Note: This will not be a true measure of packing efficiency since it does not distinguish between the other types of inefficiencies. It will however give us a starting point from which to compare different implementations of the algorithms used by different clients since averaged over a large enough dataset, the effects from (1.) and (2.) should affect the different clients equally, but any algorithmic differences will remain.


The method used to calculate the set of available attestations is as follows:

  • Query historical blocks using the Lighthouse Beacon Node API to get the committee data for each epoch.
  • Parse this data per slot to extract a list of the validators which are required to attest in each slot.
  • Pull historical blocks and extract the list of attestations which were packed into previous blocks.
  • Remove the attestations that were included in previous blocks up to 32 slots ago.

So for slot $n$:

\begin{equation} \label{eq1} A_n = \bigcup_{i={n - 32}}^{n - 1} C_i - I_i \end{equation}

$A_n$ = The set of available attestations for slot $n$.
$C_i$ = All attestations as defined by the committee selection at slot $i$.
$I_i$ = The attestations that were included in the block at slot $i$.

The attestation packing efficiency $E_n$ can then be calculated as:

\begin{equation} \label{eq2} E_n = \frac{|I_n|}{|A_n|} \end{equation}

Here, $A_n$ is an optimistic set of the available attestations for slot $n$. This assumes that all possible attestations were submitted and seen by the proposer.

As discussed eariler, due to network inefficiencies and offline validators, the calculated efficiencies will be lower than the true efficiency.
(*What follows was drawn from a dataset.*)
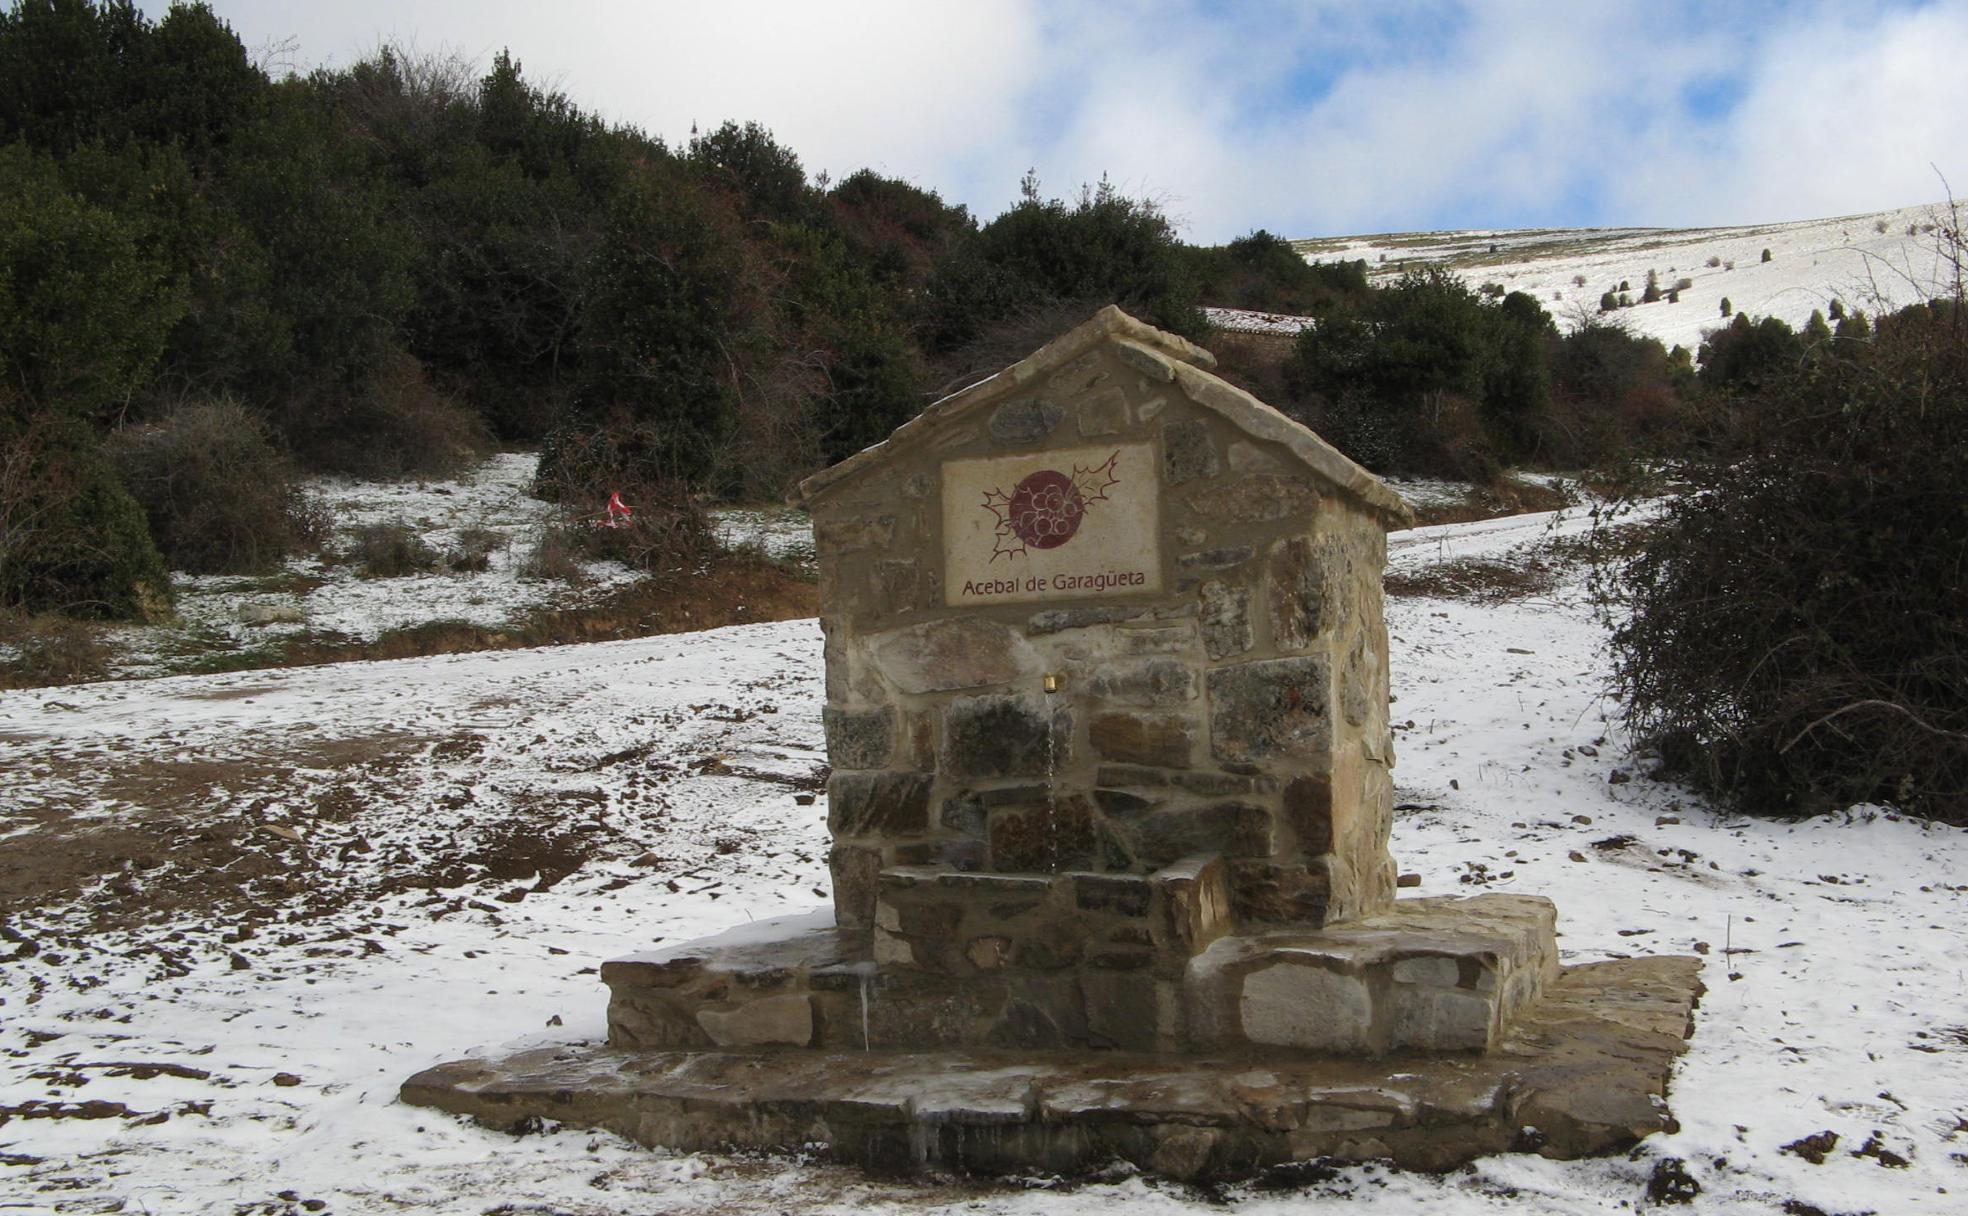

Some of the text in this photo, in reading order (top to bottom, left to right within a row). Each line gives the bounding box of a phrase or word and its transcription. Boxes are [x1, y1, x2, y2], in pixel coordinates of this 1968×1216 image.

[962, 571, 1145, 595] Acebal de Garagüeta
However we will (naively) work on the assumption that since Mainnet's participation rate can be as high as 99.7% the error from these effects is small.

Using a Lighthouse tool called lcli, we can calculate the efficiencies of all the slots in a specific epoch range.

lcli etl-block-efficiency --output /path/to/output.csv --start-epoch 30000 --end-epoch 30999

For more info about lcli, see the usage/installation instructions.

This pulls the committee data and blocks from those epochs, calculates the available and included attestations as well as proposer info per slot and saves the data into output.csv.

Using graffiti analysis, the results can be separated into their various client implementations and staking pools. The vast majority of the proposers will be unidentifiable, however this should still give a good baseline for which to compare efficiencies.

Since this analysis isn't about comparing specific clients against each other, client and pool identities have been obfuscated.


Implementation Efficiency
Client 1 75.50%
Client 2 73.75%
Client 3 76.99%
Client 4 78.81%
Pool 1 77.04%
Pool 2 82.92%
Pool 3 78.58%
Pool 4 78.29%
Pool 5 81.18%
Pool 6 79.84%
Pool 7 81.98%
Unknown 79.77%

Table 1: The average attestation packing efficiencies* of Mainnet across the entire chain history.

From these results we can see that the calculated efficiencies are significantly lower than the average participation of the network. However, by taking an average of the entire history of chain, we begin to lose valuable information. We cannot see how clients improved over time, whether that be from client upgrades, a better packing algorithm, or from improved network conditions. In addition, some staking pools were not operating at Genesis, so for them, a direct comparison doesn't make sense as they will have inflated efficiencies.

Let's take Client 1 and separate the averages for every 10,000 epochs. This will showcase how Client 1's performance has improved over time.

Epochs Efficiency
1-10,000 70.72%
10,001-20,000 75.52%
20,001-30,000 75.42%
30,001-40,000 84.20%
40,001-50,000 84.86%

Table 2: The average attestation packing efficiencies* of Client 1 across the entire chain history in 10,000 epoch intervals.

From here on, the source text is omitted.